_Work instructions_: Exact copy, no pictures: output all the records that follow.

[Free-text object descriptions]
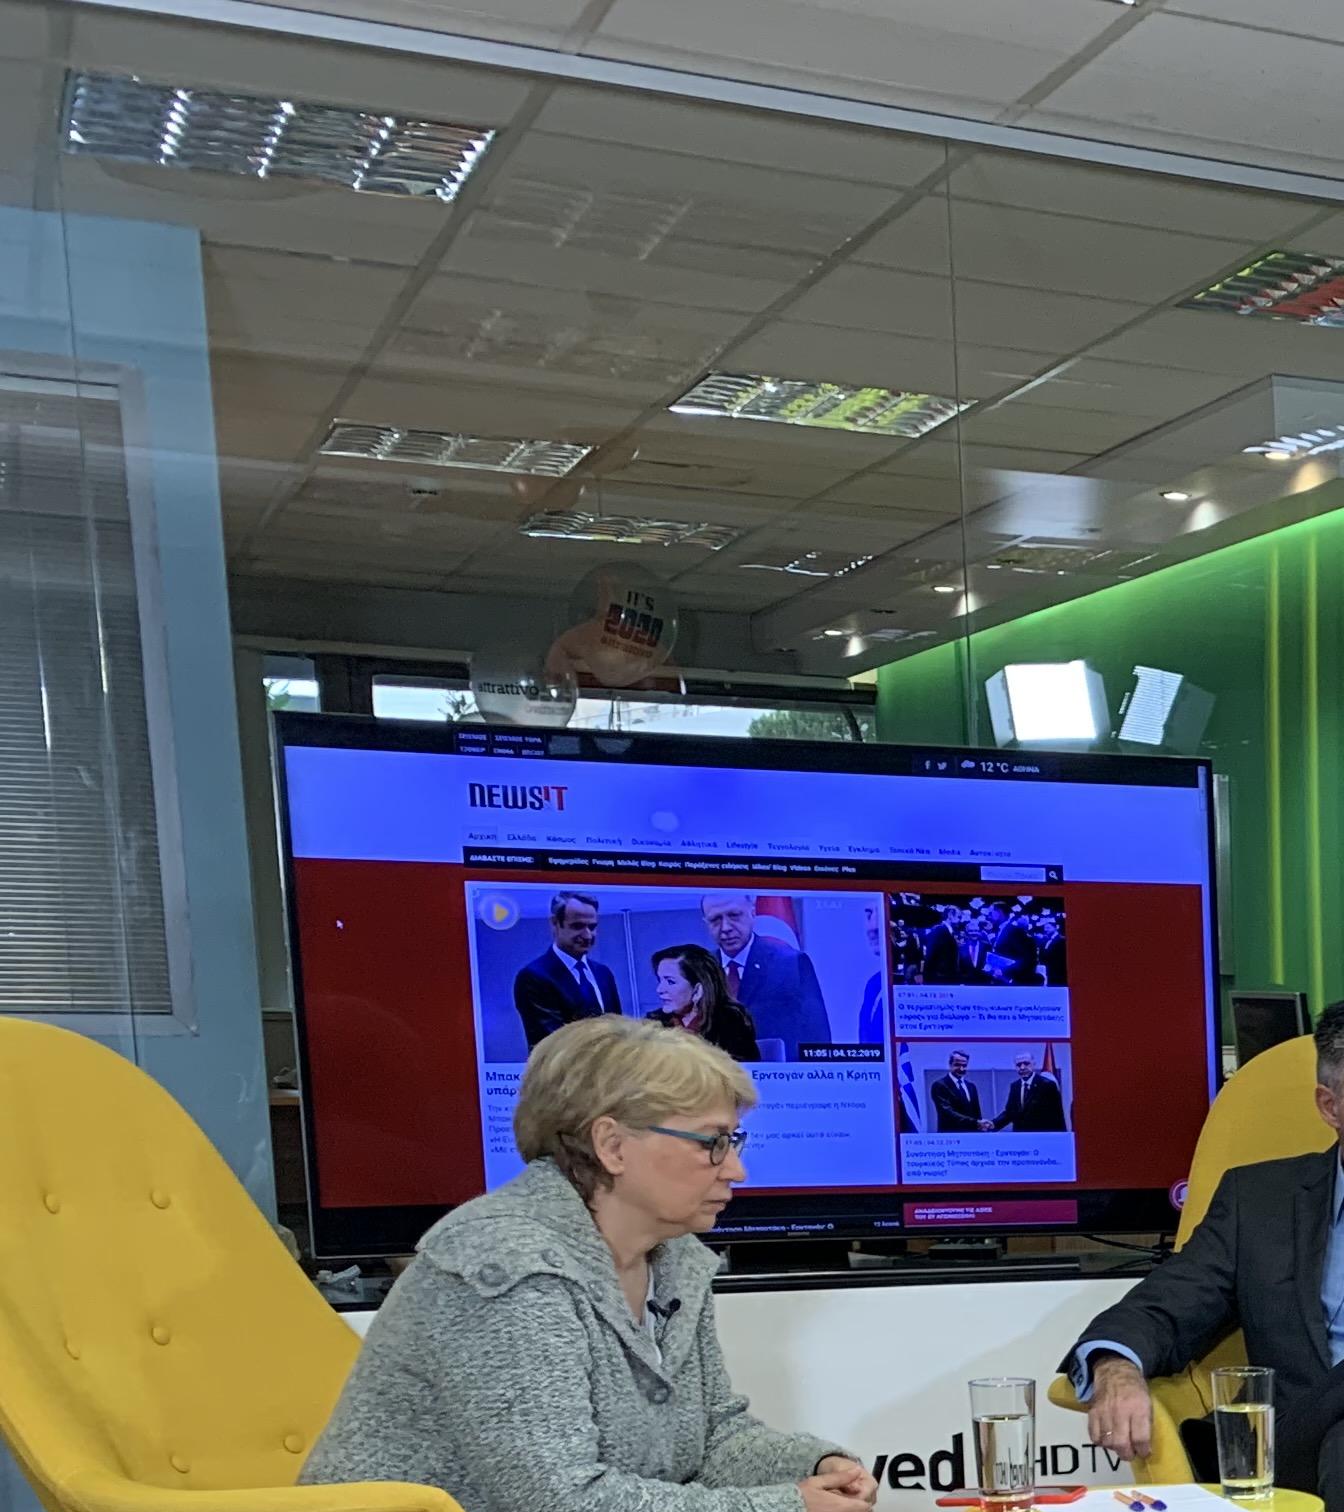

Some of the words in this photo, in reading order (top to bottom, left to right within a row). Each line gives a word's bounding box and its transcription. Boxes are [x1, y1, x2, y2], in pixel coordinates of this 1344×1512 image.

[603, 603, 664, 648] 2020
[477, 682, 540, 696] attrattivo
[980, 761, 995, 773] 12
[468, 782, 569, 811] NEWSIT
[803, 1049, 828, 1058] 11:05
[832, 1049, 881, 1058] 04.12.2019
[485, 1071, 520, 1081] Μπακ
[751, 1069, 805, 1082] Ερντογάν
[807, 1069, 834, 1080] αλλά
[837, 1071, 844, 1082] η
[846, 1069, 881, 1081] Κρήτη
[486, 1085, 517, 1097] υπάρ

_Solution for this task_:
Some of the words in this photo, in reading order (top to bottom, left to right within a row). Each line gives a word's bounding box and its transcription. Boxes are [x1, y1, x2, y2], in pixel coordinates of this 1344×1512 image.

[603, 603, 664, 648] 2020
[477, 682, 540, 696] attrattivo
[980, 761, 995, 773] 12
[468, 782, 569, 811] NEWSIT
[803, 1049, 828, 1058] 11:05
[832, 1049, 881, 1058] 04.12.2019
[485, 1071, 520, 1081] Μπακ
[751, 1069, 805, 1082] Ερντογάν
[807, 1069, 834, 1080] αλλά
[837, 1071, 844, 1082] η
[846, 1069, 881, 1081] Κρήτη
[486, 1085, 517, 1097] υπάρ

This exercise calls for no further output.